McMaster touted his four years as a U.S. attorney under President Ronald Reagan and his eight years as state attorney general, saying he worked with the Legislature to expand the investigative powers of the state grand jury and prosecuted a high-profile investment fraud case.
McMaster said enlisting nonprofits and volunteer organizations to help provide services to seniors is part of his plan if elected.
As attorney general, McMaster said he recruited volunteer attorneys to prosecute criminal domestic violence cases in special courts that he set up for that purpose “at no additional cost to the taxpayers.”
“That is the spirit of volunteerism that we can use,” McMaster said. “We can’t look away from that.”
Criticizing McMaster’s plan, Sellers said “volunteers are no solution.”
“Hoping that someone comes and maybe picks up the senior to take them to their doctor’s appointment or to church, that’s not a vision,” Sellers said. “Volunteers being caregivers and having to do it out of their own pocket without any support from the state, that’s not a vision.”
Sellers said he wants to build a statewide transportation system for seniors and would push for tax credits for seniors and their caregivers, raise the homestead exemption, and make priorities of preventing fraud against seniors and Alzheimer’s research.
Saying he too would work for tax relief and prevention of fraud against seniors, McMaster said Sellers’ plan to push for the expansion of the state’s Medicaid insurance program for the poor as part of the Affordable Care Act is “expanding government ... a bad, old idea.”
Instead, McMaster said the state "could save a lot of money” with “new computer systems and programs that are coming out, a tele-medicine program, where you can have a doctor come to your house. If you have cellphone, you can look at the doctor and you can show him your hurt arm or show him your hurt eye. ... There are a number of companies out there that are doing that now. Why don't we do something like that?"
Sellers broke in, saying, “We actually did have a pilot program for telepsychiatry in Bamberg County. You know that hospital shut down. We would be able to reopen it if we expanded Medicaid.
“But more importantly, the hypocrisy of that statement, it fills the room; it’s overwhelming,” Sellers said, criticizing McMaster for not wanting to expand Medicaid when he received state health care benefits. “When you get sick, you get to go and give your insurance card to the doctor, but when somebody gets sick in Greenville, or Charleston or Horry County, they’re on the brink of bankruptcy.
“Not only that, Henry, but you’ve been receiving so many benefits in government benefits over your career, that there are some welfare queens out there that are probably jealous.”

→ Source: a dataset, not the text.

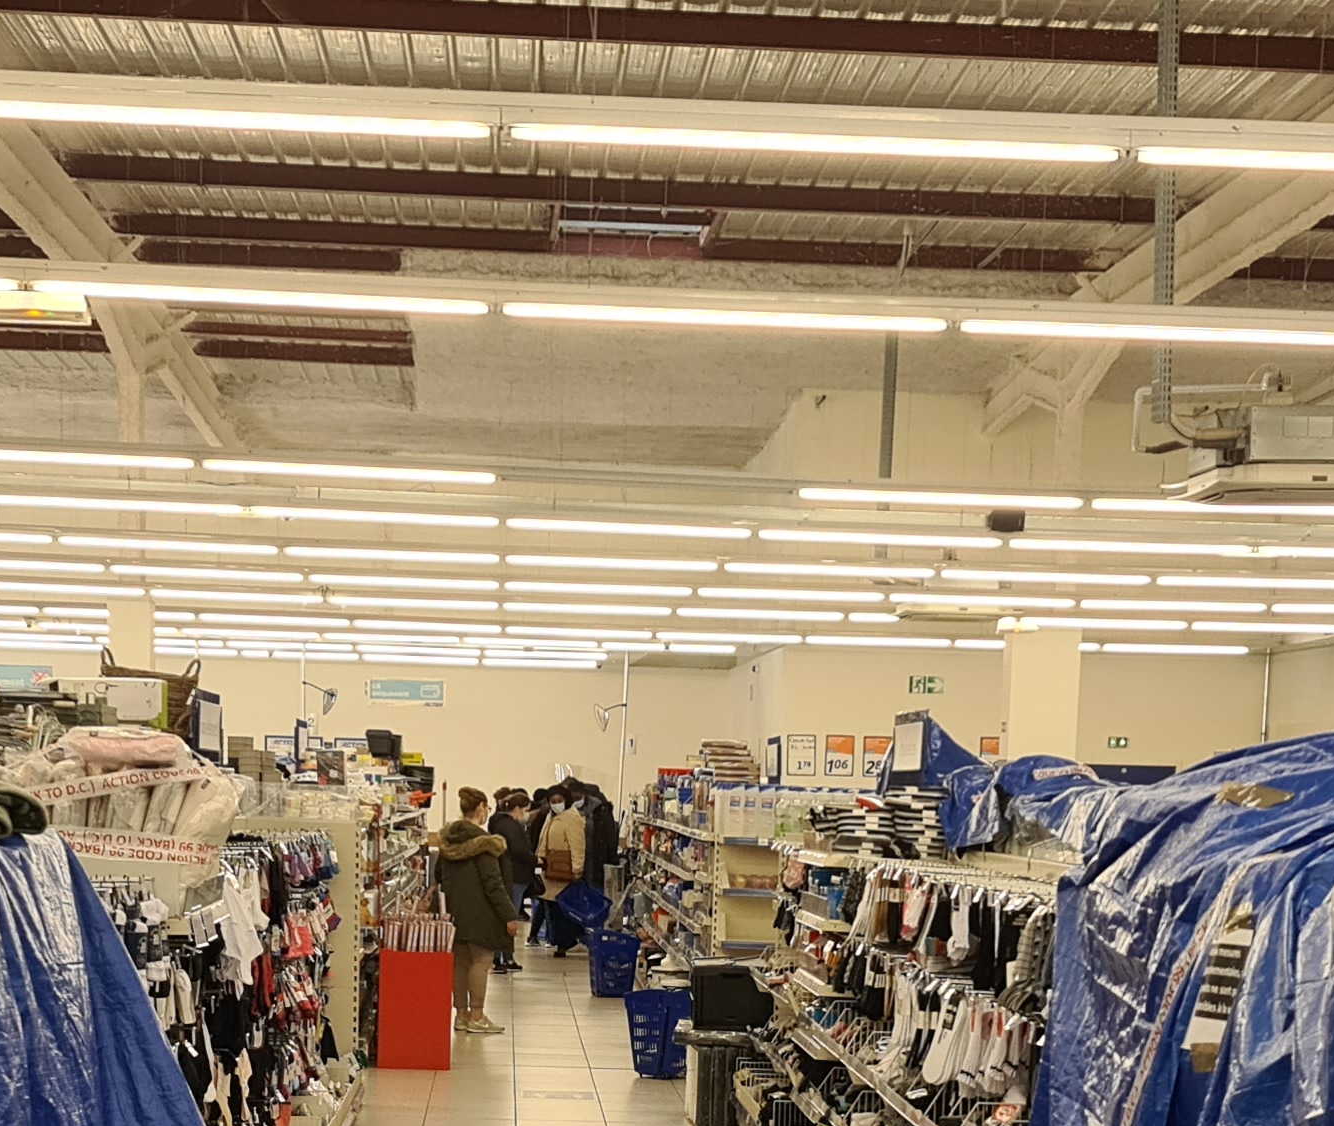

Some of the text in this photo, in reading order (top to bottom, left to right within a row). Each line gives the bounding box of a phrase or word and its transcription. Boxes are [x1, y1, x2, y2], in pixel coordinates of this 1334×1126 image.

McMaster said he measures progress by “how many people don’t need Medicaid – that is, how many are working, who have good-paying jobs.”
Throughout the debate, Sellers was quick with rebuttals, using every opportunity to critique McMaster, who has a 20-point lead over Sellers, according to a recent poll.
McMaster did not address Sellers directly, sticking to his talking points touting his experience, career as an attorney and his limited-government philosophy.
Neither candidate said he was running for lieutenant governor as a stepping stone to higher political office.
The Nov. 4 general election will be the last time anyone runs independently for the position. Starting in 2018, the governor and lieutenant governor will have to run as a team.
McMaster emphasized he would team well with Haley, who he supported in 2010 after his primary loss to the Lexington Republican.
Asked whether he’s planning a 2018 run for governor, McMaster said four years is “a long way off. ... I'm running because I love South Carolina.”
In closing, Sellers said people tell him he can’t win because he’s a “young, black Democrat,” but he says there is a clear contrast between him and McMaster.
“Henry’s gray hair doesn't denote leadership and vision,” Sellers said. “All I’m asking for is a chance.”
“By the way, most of the people who need that help do have gray hair, like I do,” McMaster countered in closing, adding voters are looking for “experience and track record.”
“I’m the man with that record and that experience.”